● **TASK INSTRUCTIONS**:
Return all the data exactly, keeping the pictures out.
***** DATA RECORDS
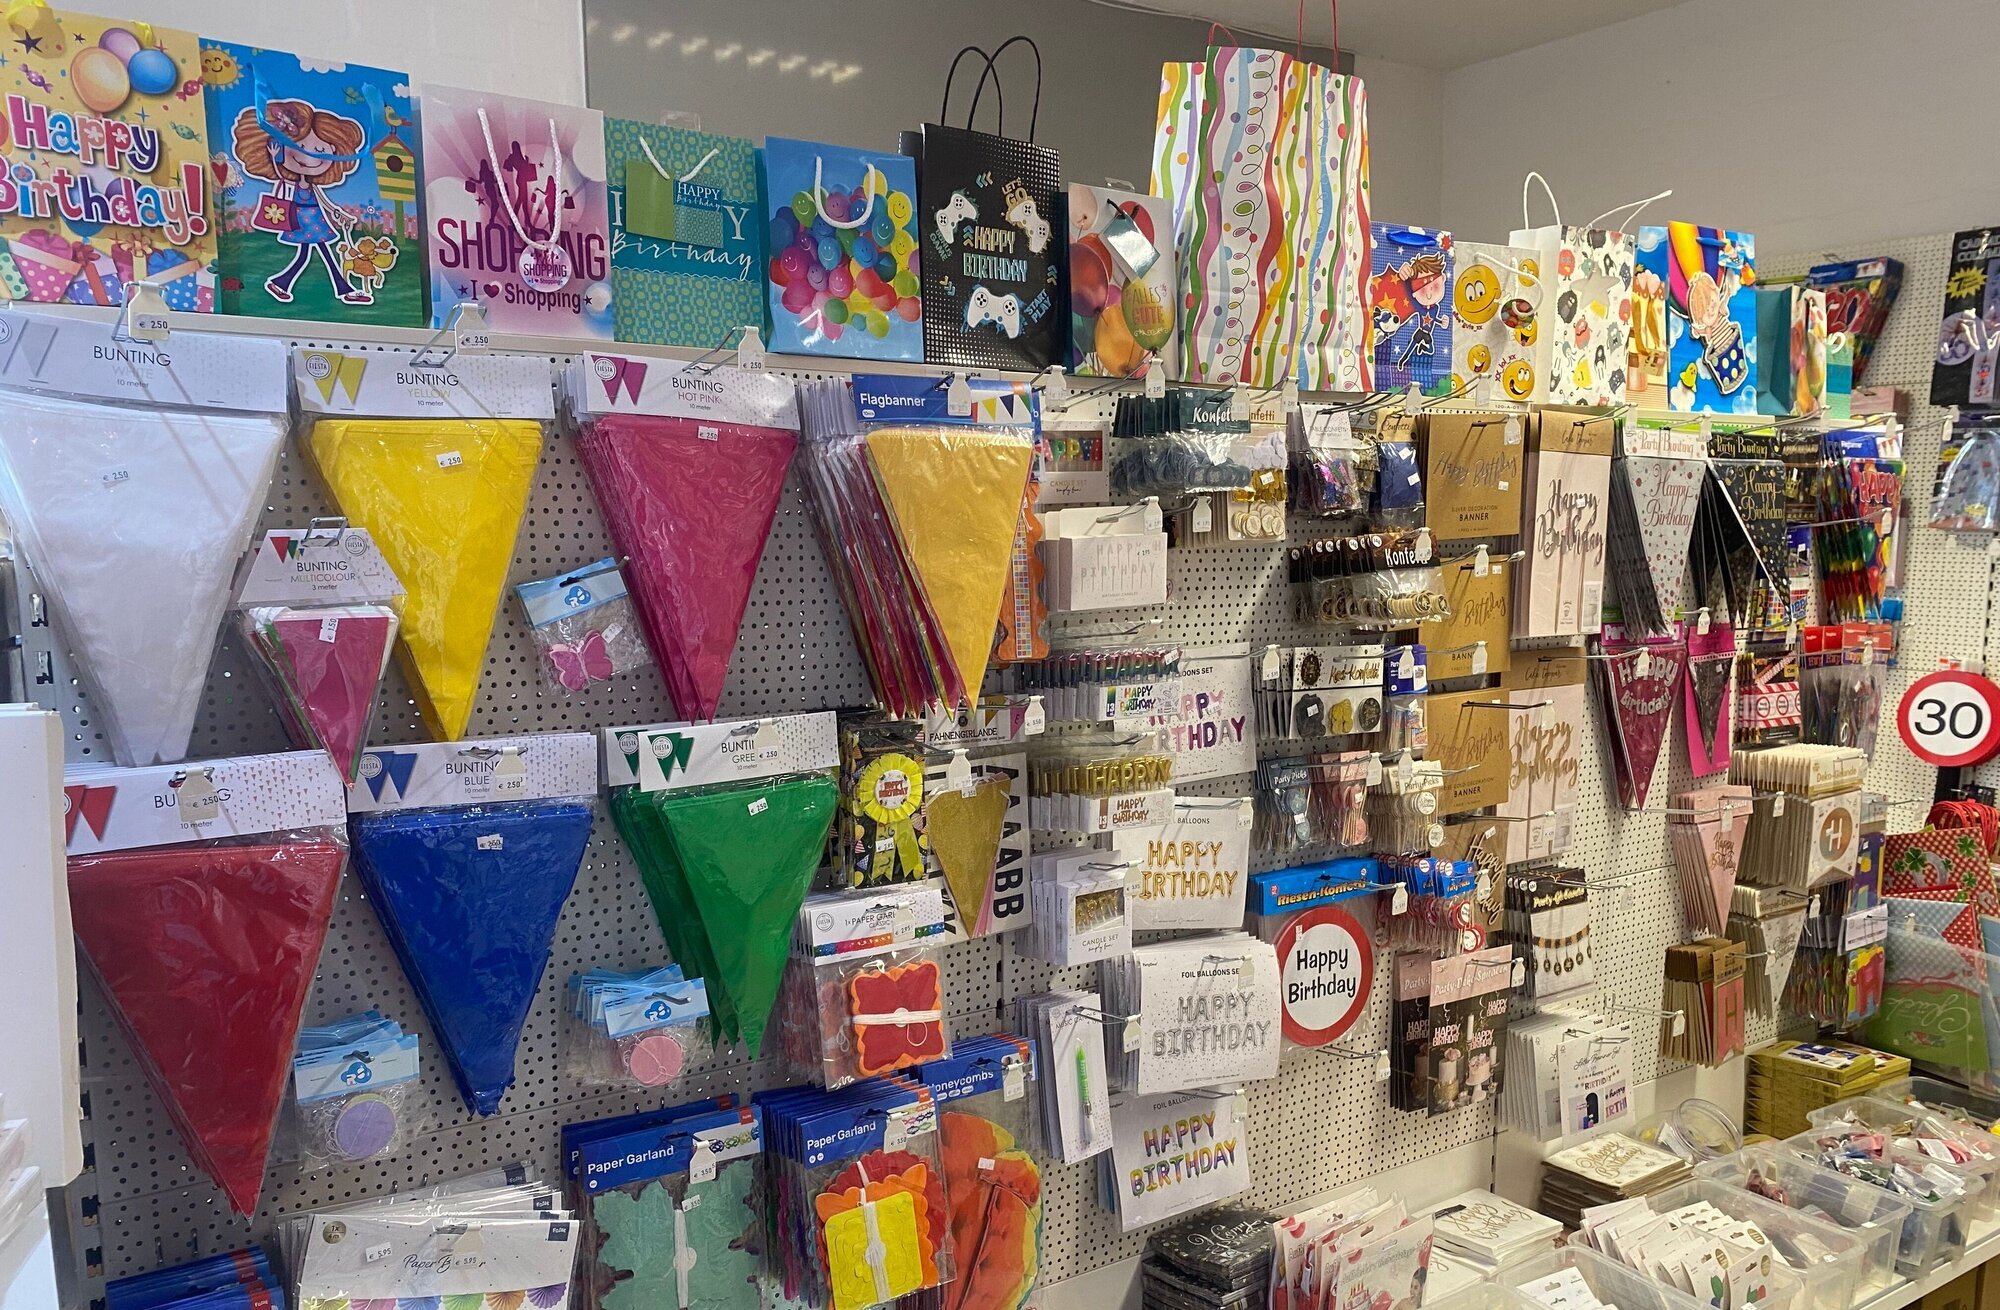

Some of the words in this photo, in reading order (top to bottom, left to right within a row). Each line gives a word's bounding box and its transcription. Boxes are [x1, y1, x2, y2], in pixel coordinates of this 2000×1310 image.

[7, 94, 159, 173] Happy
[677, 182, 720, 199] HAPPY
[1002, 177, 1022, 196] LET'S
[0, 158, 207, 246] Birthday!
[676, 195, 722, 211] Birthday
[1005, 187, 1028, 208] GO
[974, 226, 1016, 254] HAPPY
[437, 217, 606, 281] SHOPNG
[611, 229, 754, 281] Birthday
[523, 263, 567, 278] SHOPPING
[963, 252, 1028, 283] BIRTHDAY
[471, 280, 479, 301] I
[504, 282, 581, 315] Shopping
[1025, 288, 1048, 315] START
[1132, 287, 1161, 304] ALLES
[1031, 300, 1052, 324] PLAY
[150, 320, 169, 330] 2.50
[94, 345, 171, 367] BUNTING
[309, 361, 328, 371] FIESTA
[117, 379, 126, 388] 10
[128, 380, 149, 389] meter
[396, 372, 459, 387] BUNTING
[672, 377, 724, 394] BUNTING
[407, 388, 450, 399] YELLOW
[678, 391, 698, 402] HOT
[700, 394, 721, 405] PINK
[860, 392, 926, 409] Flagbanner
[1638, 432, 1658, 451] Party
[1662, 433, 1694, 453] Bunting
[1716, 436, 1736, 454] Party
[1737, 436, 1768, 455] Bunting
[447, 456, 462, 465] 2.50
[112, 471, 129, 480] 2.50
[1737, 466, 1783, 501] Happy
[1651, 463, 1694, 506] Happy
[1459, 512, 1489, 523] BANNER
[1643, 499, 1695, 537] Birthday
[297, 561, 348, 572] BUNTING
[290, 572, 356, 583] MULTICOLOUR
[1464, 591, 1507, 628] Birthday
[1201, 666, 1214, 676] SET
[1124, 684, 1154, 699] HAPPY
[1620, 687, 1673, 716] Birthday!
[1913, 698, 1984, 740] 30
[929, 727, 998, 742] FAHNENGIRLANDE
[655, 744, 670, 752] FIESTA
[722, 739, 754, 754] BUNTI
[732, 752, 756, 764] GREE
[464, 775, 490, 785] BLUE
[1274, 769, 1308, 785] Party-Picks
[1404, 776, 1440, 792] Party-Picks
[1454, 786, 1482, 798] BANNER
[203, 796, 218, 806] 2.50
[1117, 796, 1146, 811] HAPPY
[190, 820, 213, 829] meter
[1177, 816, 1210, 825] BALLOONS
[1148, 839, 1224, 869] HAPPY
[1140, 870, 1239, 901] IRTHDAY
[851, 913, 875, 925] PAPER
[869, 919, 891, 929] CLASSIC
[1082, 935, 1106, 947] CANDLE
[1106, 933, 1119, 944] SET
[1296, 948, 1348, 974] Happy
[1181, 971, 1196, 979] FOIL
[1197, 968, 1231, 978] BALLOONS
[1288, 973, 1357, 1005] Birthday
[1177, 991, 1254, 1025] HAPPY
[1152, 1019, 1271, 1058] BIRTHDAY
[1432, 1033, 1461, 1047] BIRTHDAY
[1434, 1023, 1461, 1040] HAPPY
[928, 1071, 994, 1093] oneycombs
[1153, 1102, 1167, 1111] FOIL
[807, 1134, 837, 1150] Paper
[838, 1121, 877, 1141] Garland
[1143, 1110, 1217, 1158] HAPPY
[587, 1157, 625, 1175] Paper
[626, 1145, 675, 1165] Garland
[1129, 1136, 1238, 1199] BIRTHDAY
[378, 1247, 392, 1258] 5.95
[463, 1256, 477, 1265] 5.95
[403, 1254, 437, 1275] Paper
**********
● **RESULT FOR THIS EXERCISE**:
Some of the words in this photo, in reading order (top to bottom, left to right within a row). Each line gives a word's bounding box and its transcription. Boxes are [x1, y1, x2, y2], in pixel coordinates of this 2000×1310 image.

[7, 94, 159, 173] Happy
[677, 182, 720, 199] HAPPY
[1002, 177, 1022, 196] LET'S
[0, 158, 207, 246] Birthday!
[676, 195, 722, 211] Birthday
[1005, 187, 1028, 208] GO
[974, 226, 1016, 254] HAPPY
[437, 217, 606, 281] SHOPNG
[611, 229, 754, 281] Birthday
[523, 263, 567, 278] SHOPPING
[963, 252, 1028, 283] BIRTHDAY
[471, 280, 479, 301] I
[504, 282, 581, 315] Shopping
[1025, 288, 1048, 315] START
[1132, 287, 1161, 304] ALLES
[1031, 300, 1052, 324] PLAY
[150, 320, 169, 330] 2.50
[94, 345, 171, 367] BUNTING
[309, 361, 328, 371] FIESTA
[117, 379, 126, 388] 10
[128, 380, 149, 389] meter
[396, 372, 459, 387] BUNTING
[672, 377, 724, 394] BUNTING
[407, 388, 450, 399] YELLOW
[678, 391, 698, 402] HOT
[700, 394, 721, 405] PINK
[860, 392, 926, 409] Flagbanner
[1638, 432, 1658, 451] Party
[1662, 433, 1694, 453] Bunting
[1716, 436, 1736, 454] Party
[1737, 436, 1768, 455] Bunting
[447, 456, 462, 465] 2.50
[112, 471, 129, 480] 2.50
[1737, 466, 1783, 501] Happy
[1651, 463, 1694, 506] Happy
[1459, 512, 1489, 523] BANNER
[1643, 499, 1695, 537] Birthday
[297, 561, 348, 572] BUNTING
[290, 572, 356, 583] MULTICOLOUR
[1464, 591, 1507, 628] Birthday
[1201, 666, 1214, 676] SET
[1124, 684, 1154, 699] HAPPY
[1620, 687, 1673, 716] Birthday!
[1913, 698, 1984, 740] 30
[929, 727, 998, 742] FAHNENGIRLANDE
[655, 744, 670, 752] FIESTA
[722, 739, 754, 754] BUNTI
[732, 752, 756, 764] GREE
[464, 775, 490, 785] BLUE
[1274, 769, 1308, 785] Party-Picks
[1404, 776, 1440, 792] Party-Picks
[1454, 786, 1482, 798] BANNER
[203, 796, 218, 806] 2.50
[1117, 796, 1146, 811] HAPPY
[190, 820, 213, 829] meter
[1177, 816, 1210, 825] BALLOONS
[1148, 839, 1224, 869] HAPPY
[1140, 870, 1239, 901] IRTHDAY
[851, 913, 875, 925] PAPER
[869, 919, 891, 929] CLASSIC
[1082, 935, 1106, 947] CANDLE
[1106, 933, 1119, 944] SET
[1296, 948, 1348, 974] Happy
[1181, 971, 1196, 979] FOIL
[1197, 968, 1231, 978] BALLOONS
[1288, 973, 1357, 1005] Birthday
[1177, 991, 1254, 1025] HAPPY
[1152, 1019, 1271, 1058] BIRTHDAY
[1432, 1033, 1461, 1047] BIRTHDAY
[1434, 1023, 1461, 1040] HAPPY
[928, 1071, 994, 1093] oneycombs
[1153, 1102, 1167, 1111] FOIL
[807, 1134, 837, 1150] Paper
[838, 1121, 877, 1141] Garland
[1143, 1110, 1217, 1158] HAPPY
[587, 1157, 625, 1175] Paper
[626, 1145, 675, 1165] Garland
[1129, 1136, 1238, 1199] BIRTHDAY
[378, 1247, 392, 1258] 5.95
[463, 1256, 477, 1265] 5.95
[403, 1254, 437, 1275] Paper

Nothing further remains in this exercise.